Google広告やYahoo!広告などWeb広告を使用し、商品やサービスをPRしている方であれば、実際にその広告がどれだけ貢献したか計測しながら配信を行うことが可能です。
Google広告では誘導先のサイトにコンバージョンタグを設定し、Googleアナリティクスと連動させることで広告効果を計測することが可能です。
コンバージョンタグの設定方法については以下の記事を参考にしてください。
関連記事:『Google広告のコンバージョンタグをタグマネージャーで設定する5ステップ』
店舗への来店を促すWeb広告を配信する場合も同様です。
広告によって問い合わせがどれだけ増えたかを確認しつつ広告運用を行います。
しかしながら、コンバージョンタグを設定しWeb上の成果を計測するだけでは、店舗への問い合わせ件数や、コンバージョンとして設定したサイトへの訪問数を計測することはできても、実際の店舗への来店数を計測することはできません。
こんなことでお困りではありませんか。
- 広告が来店に対してどれだけ効果があるのかわからない。
- 来店を促す際、本当に効果的な方法をとることができているのか不安だ。
これらの悩みは、来店コンバージョンを計測することで解決することが可能です。
当記事では、来店コンバージョンを計測するメリットと、計測する際の注意点について解説します。

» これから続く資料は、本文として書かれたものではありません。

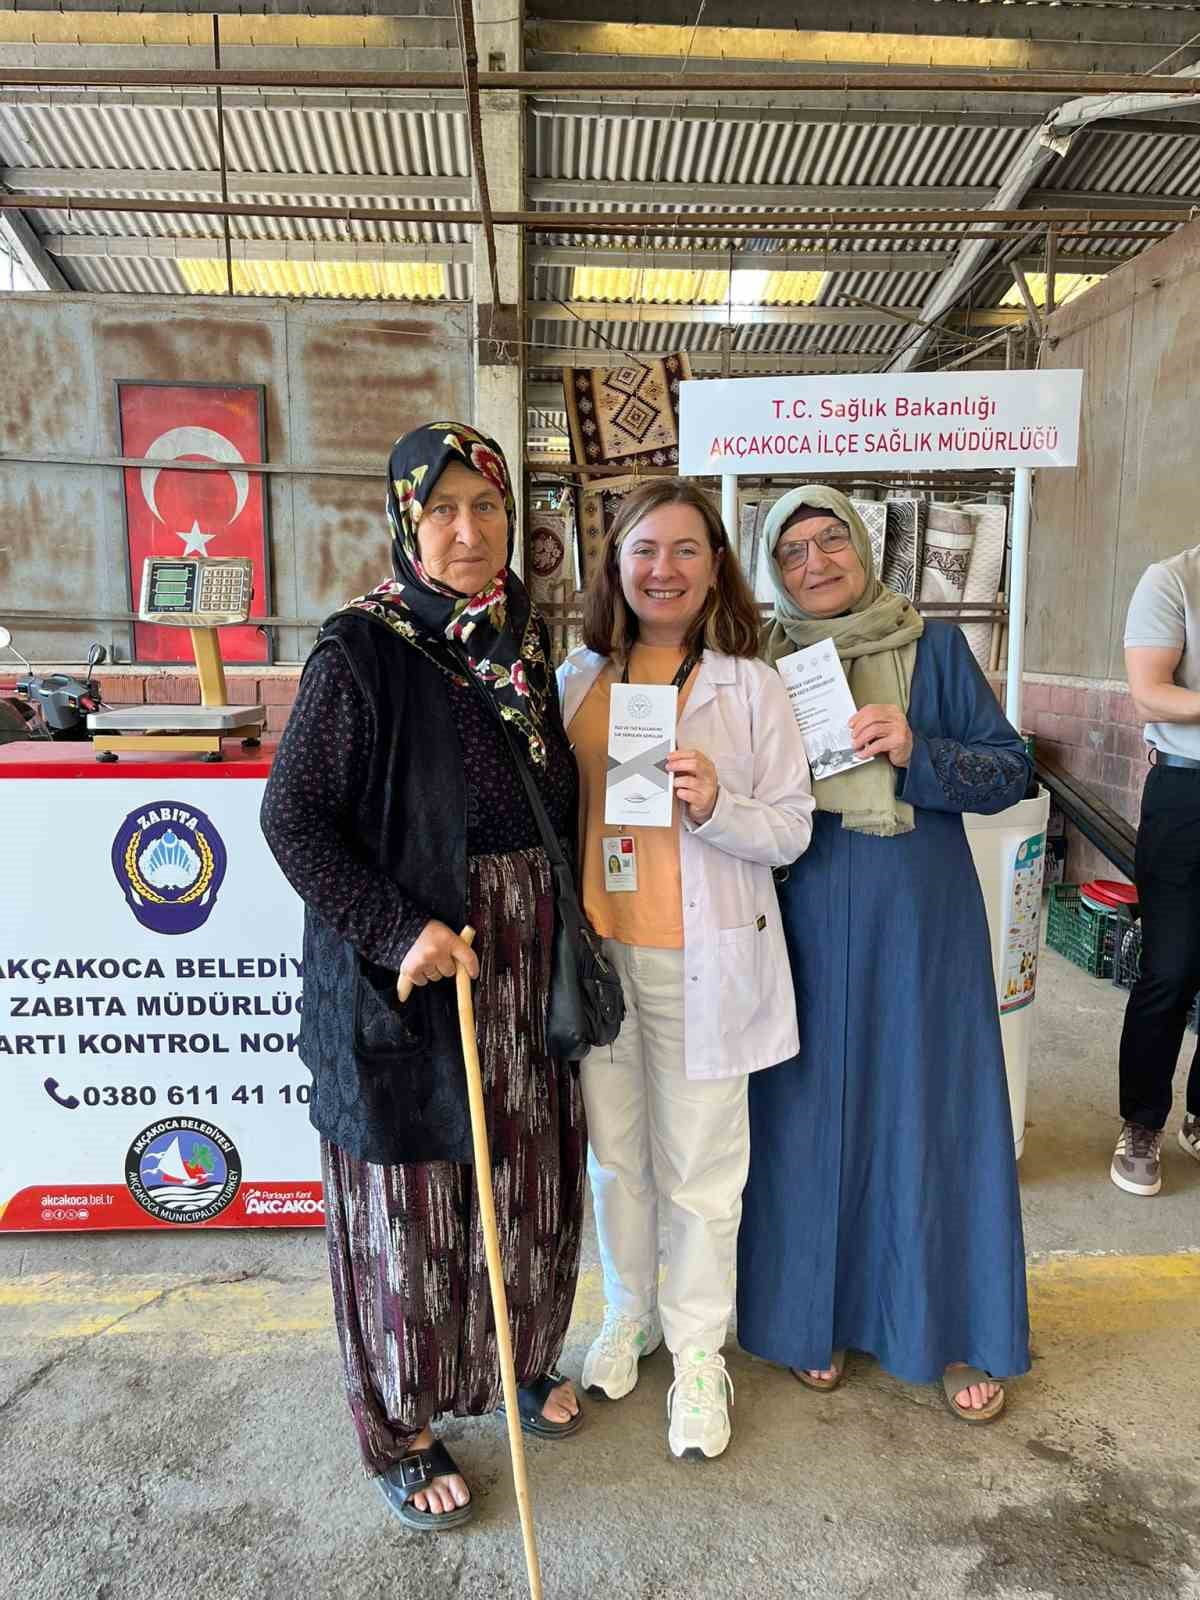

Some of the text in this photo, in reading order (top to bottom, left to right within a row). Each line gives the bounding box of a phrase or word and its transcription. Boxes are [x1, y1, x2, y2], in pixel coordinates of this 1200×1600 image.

[772, 395, 995, 422] T.C. Sağlık Bakanlığı
[710, 426, 1058, 457] AKÇAKOCA İLÇE SAĞLIK MÜDÜRLÜĞÜ
[136, 808, 199, 830] ZABITA
[10, 996, 127, 1017] ZABITA
[78, 1033, 229, 1054] KONTROL
[83, 1084, 311, 1106] 0380 611 41 10
[133, 1119, 235, 1154] AKÇAKOCA BELEDİYESİ
[128, 1171, 160, 1215] AKÇAKOCA

関連記事:『Googleマップで集客、ローカルキャンペーン!4ステップで簡単配信』
Contents
来店コンバージョンとは
来店コンバージョンとは、Web広告が実店舗への来店にどれだけ貢献しているかを把握するための手法です。
一般的な計測手法では測ることが難しい、よりキャッシュポイントに近い箇所の測定が可能であるため、より正確に費用対効果を把握することができ、効率的な実店舗運営をする際には欠かせない施策です。

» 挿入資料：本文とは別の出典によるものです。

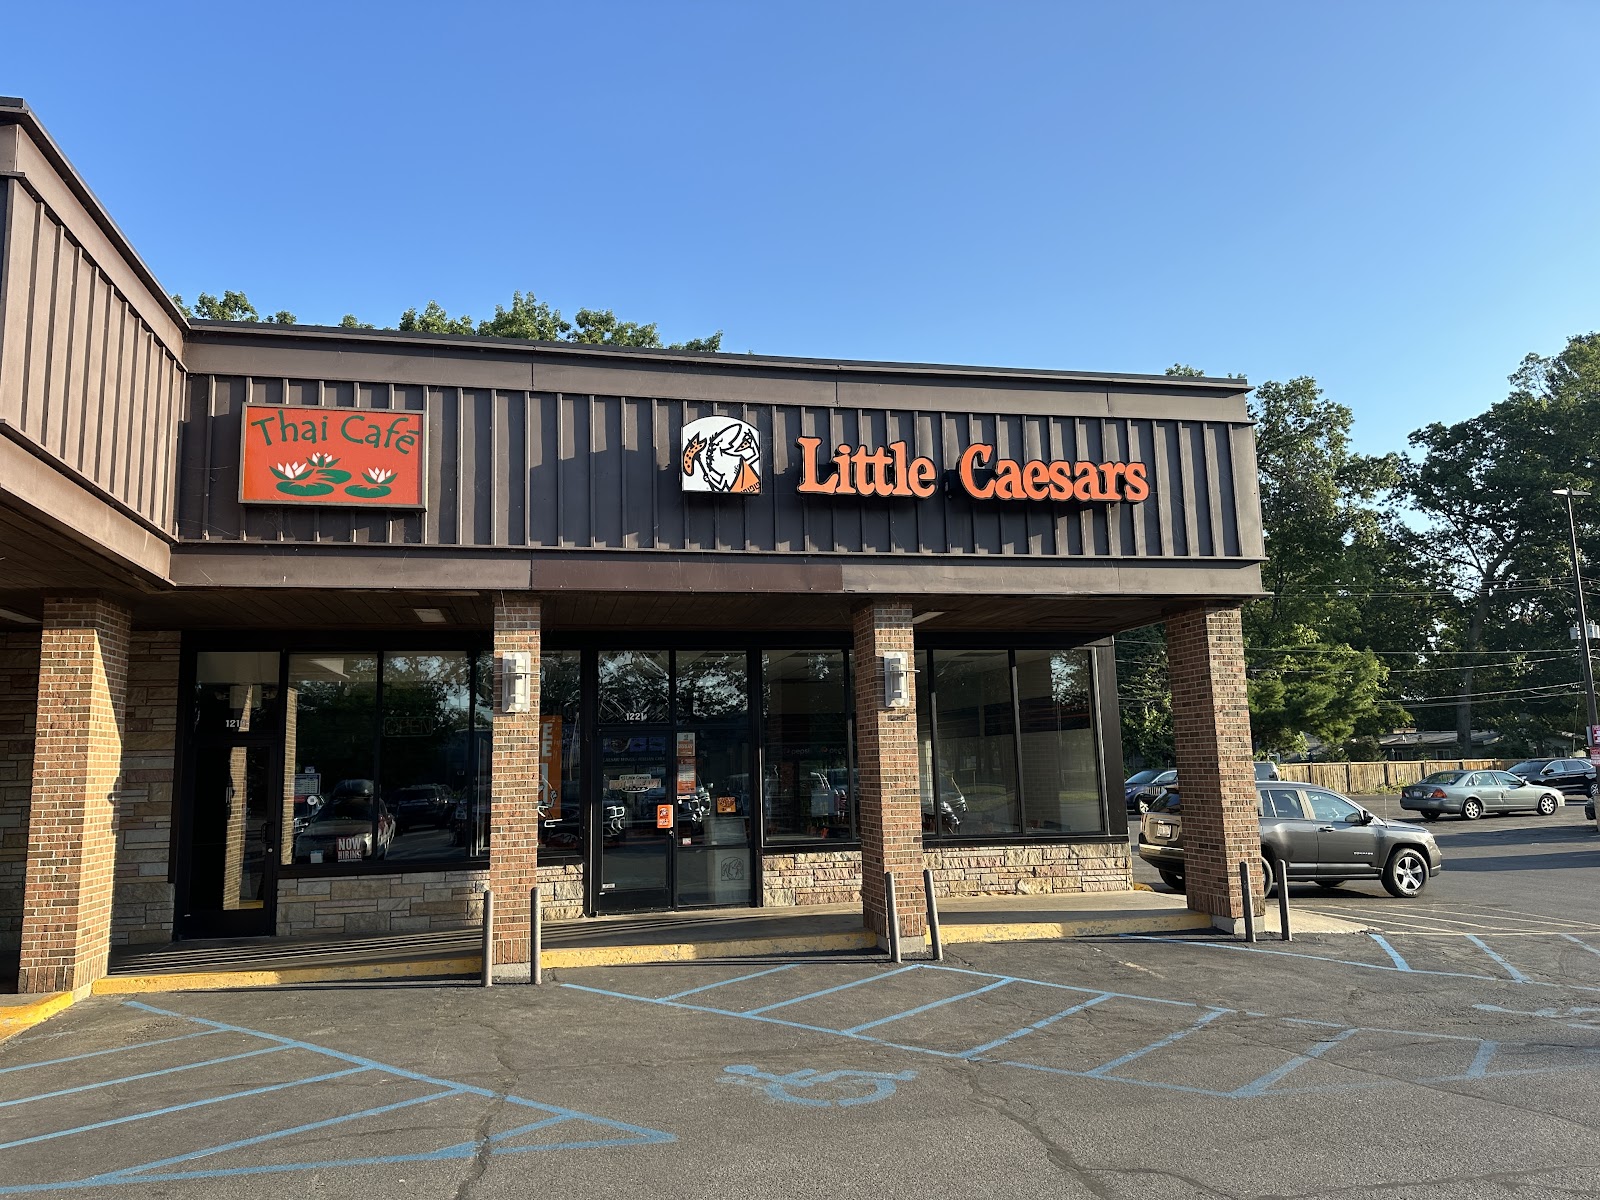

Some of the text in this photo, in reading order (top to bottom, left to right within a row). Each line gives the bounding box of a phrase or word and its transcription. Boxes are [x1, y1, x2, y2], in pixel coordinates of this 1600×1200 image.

[251, 409, 420, 455] Thai Café
[797, 437, 1150, 501] Little Caesars
[337, 850, 362, 860] HIRING
[338, 837, 361, 850] NOW

参考:『来店コンバージョンとは?計測の仕組みとGoogle 広告での活用方法』
なお、キャッシュポイントとは収益を生み出す機会のことを指し、ユーザーが実際に食事や購入を行うタイミングを指します。
来店コンバージョンを計測するメリット
来店コンバージョンを計測するメリットは大きく2点です。
- 広告を最適化することが可能
- 教師データを獲得可能
それぞれについて解説します。
広告を最適化することが可能
来店コンバージョンを計測することで、よりキャッシュポイントに近い箇所を測定可能です。そのため、来店コンバージョンの改善を測ることで、より売上に繋がりやすい広告を制作することが可能です。
現在、多くのユーザーが店舗に訪問する際、事前にインターネットでリサーチしています。
国内最大級のお買い物スポット情報サイトを運営する株式会社Patheeが4,411人を対象に行った調査によると、1年間(2020年5月から2021年4月)で非日用品を購入する際、事前にインターネットで調べましたか。という問いに対し、77.8%のユーザーが「事前にインターネットで調べた」と回答しました。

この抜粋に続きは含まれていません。